Вот Филомена уже уходит, но, оглянувшись, видит крестьян, они все смотрят на нее с грустью; возвращается и обнимает всех по очереди (как потом сделает и Мерседес). И конечно, тут же и Хасинто, и… мать, смертельно раненная смертью сына, кричат еще и еще раз свое:
— Еще поцелуй, сыночек,
ведь эта разлука — навеки.
— Прощай навсегда, родная.
— Нет, сынок, до свиданья —
мы свидимся на том свете.
Наконец она уходит.

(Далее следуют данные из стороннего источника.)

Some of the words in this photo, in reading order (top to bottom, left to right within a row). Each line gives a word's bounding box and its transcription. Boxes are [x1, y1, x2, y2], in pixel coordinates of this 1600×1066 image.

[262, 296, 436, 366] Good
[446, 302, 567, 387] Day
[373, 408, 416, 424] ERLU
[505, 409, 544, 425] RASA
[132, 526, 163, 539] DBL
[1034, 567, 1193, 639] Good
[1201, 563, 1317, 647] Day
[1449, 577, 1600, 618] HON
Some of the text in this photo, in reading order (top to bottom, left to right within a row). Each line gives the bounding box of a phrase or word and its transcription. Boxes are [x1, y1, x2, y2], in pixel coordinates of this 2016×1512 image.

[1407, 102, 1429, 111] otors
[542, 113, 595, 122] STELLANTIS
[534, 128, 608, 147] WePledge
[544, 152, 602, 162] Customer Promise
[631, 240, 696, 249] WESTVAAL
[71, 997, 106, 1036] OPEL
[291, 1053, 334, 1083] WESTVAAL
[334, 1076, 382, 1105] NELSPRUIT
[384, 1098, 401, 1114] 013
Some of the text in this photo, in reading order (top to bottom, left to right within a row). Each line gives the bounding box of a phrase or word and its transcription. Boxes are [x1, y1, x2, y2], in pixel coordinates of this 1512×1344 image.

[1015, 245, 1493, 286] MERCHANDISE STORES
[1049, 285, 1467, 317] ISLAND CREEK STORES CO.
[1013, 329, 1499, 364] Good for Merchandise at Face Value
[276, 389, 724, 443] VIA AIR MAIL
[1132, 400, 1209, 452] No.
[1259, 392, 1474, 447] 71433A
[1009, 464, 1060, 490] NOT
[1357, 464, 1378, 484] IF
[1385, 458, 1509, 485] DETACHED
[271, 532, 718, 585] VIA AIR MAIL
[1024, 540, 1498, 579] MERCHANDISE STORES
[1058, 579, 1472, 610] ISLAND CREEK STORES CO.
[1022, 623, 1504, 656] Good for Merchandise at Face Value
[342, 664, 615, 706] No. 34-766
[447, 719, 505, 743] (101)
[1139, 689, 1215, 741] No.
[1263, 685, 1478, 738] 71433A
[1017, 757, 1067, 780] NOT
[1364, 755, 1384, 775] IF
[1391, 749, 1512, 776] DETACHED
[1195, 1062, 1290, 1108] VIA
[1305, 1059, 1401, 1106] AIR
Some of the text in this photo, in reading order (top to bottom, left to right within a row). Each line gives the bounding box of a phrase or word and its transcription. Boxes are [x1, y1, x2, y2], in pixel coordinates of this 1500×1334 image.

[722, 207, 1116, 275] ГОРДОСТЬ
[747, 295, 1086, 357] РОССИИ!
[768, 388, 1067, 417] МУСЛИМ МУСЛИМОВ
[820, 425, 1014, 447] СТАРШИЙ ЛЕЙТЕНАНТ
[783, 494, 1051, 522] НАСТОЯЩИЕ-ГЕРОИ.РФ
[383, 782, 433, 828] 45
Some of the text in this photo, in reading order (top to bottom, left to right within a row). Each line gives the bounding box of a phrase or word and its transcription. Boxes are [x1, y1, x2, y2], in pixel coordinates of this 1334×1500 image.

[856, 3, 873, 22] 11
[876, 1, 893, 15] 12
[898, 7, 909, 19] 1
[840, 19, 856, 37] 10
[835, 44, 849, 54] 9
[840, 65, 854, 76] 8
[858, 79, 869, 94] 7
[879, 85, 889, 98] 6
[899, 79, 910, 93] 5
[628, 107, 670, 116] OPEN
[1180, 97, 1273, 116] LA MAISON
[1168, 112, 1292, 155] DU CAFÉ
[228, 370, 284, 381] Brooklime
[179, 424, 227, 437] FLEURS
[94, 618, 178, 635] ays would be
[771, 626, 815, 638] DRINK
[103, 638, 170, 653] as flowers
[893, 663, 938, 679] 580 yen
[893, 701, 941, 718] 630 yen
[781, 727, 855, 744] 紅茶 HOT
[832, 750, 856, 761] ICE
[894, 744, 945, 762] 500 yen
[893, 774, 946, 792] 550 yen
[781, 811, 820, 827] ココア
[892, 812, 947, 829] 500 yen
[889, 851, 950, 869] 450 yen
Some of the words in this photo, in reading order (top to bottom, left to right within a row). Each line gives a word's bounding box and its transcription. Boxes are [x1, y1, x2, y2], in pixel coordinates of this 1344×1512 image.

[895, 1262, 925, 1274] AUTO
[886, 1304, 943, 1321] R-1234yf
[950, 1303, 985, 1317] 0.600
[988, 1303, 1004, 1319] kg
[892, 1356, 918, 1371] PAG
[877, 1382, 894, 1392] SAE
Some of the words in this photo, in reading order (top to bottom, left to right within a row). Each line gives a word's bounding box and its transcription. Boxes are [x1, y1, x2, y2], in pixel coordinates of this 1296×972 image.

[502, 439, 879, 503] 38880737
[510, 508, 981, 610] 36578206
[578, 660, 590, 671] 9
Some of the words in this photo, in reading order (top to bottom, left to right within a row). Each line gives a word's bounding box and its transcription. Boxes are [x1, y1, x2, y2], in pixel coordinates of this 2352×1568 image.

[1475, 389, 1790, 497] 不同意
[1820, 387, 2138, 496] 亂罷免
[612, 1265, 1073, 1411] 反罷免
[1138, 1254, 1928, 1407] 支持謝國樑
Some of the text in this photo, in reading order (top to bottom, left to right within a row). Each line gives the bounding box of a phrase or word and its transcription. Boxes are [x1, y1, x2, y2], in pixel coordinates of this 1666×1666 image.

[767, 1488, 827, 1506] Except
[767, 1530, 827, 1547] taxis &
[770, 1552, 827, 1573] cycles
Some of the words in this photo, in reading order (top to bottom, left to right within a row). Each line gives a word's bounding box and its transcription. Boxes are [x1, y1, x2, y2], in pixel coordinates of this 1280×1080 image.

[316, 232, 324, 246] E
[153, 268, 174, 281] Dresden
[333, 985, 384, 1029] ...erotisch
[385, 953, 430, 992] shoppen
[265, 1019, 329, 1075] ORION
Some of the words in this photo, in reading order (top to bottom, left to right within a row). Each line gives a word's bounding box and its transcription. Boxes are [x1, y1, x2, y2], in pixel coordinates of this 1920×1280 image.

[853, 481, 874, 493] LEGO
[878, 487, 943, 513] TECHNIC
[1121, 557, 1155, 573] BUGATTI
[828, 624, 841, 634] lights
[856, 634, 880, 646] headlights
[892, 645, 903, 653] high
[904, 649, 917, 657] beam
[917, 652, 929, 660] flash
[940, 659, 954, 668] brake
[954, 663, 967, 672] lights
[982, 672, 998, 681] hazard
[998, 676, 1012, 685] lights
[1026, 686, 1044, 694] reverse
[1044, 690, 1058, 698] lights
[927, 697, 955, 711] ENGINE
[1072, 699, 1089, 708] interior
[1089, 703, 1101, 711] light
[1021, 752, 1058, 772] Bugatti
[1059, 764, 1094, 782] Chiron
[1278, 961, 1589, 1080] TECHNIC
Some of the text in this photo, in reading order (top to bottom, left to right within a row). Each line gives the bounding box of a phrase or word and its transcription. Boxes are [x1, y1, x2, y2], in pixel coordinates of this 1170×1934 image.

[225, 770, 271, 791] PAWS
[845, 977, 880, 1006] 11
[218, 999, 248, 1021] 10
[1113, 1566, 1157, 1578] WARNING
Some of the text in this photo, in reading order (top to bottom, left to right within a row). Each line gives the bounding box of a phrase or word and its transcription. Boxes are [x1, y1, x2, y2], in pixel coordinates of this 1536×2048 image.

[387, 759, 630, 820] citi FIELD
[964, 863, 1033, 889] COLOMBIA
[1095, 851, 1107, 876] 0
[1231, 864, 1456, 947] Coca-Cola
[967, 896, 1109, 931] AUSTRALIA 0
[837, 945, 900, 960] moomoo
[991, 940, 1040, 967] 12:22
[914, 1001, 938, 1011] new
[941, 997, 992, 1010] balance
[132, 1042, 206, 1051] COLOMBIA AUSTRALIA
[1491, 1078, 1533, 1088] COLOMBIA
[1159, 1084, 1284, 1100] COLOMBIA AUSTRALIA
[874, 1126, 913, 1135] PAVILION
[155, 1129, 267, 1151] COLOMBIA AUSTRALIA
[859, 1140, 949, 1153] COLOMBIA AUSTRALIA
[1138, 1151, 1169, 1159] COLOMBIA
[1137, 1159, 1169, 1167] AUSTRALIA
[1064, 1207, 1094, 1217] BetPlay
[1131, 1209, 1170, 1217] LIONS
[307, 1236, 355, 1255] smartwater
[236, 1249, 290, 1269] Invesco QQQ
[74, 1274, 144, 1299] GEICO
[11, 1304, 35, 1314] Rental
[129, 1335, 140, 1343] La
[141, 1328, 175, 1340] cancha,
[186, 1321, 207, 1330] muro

В сопровождении сержанта
вошла я в комендатуру,
и мне комендант сказал:
— Замолчите скорей, сеньора, —
но я слез унять не могла.
И сержант повторил мне:
— Сеньора, хватит слез [55] ,
не будь ваш сын преступник,
он не был бы казнен.
А я ему отвечала:
— Мой сын не убил никого.
И лишь за верность идеям
трусы казнят его.
Она теряет сознание, падает, снова поднимается, бредет по улице к своей тюрьме:
Я ухожу оттуда,
возвращаюсь к своей тюрьме я,
и подруги по заключению
обнимают меня все вместе,
а я говорю безутешно:
— Нет от горя мне исцеленья.
Ей видится мучительная сцена расстрела:
И сын мой упал на землю,
а меня сотни пуль пронзили.
Филомена ищет утешения в мыслях о внучке:
Мне одно осталось на свете —
от любимого сыт росточек,
его дочка, малый младенец.
Я взращу ее, словно цветик,
словно цветик садовый, нежный.
И вновь взрыв отчаяния при мысли о смерти Хасинто, андалузская мать осыпает сына цветами:
Охапка лилий,
ворох гвоздик —
мой сын Хасинто Наварра.
И затем, затем она не знала, какой размер взять на этом бесконечном пути, и, видимо, сами собой вырвались из души три одинокие строчки, три одиноких цветка редкой красоты:
Ангелы белые,
с ним вознеситеся
в небо.
Строчки, написанные “как слышится” не очень грамотной андалузкой: анхелы белы с им вознеситеся в небо.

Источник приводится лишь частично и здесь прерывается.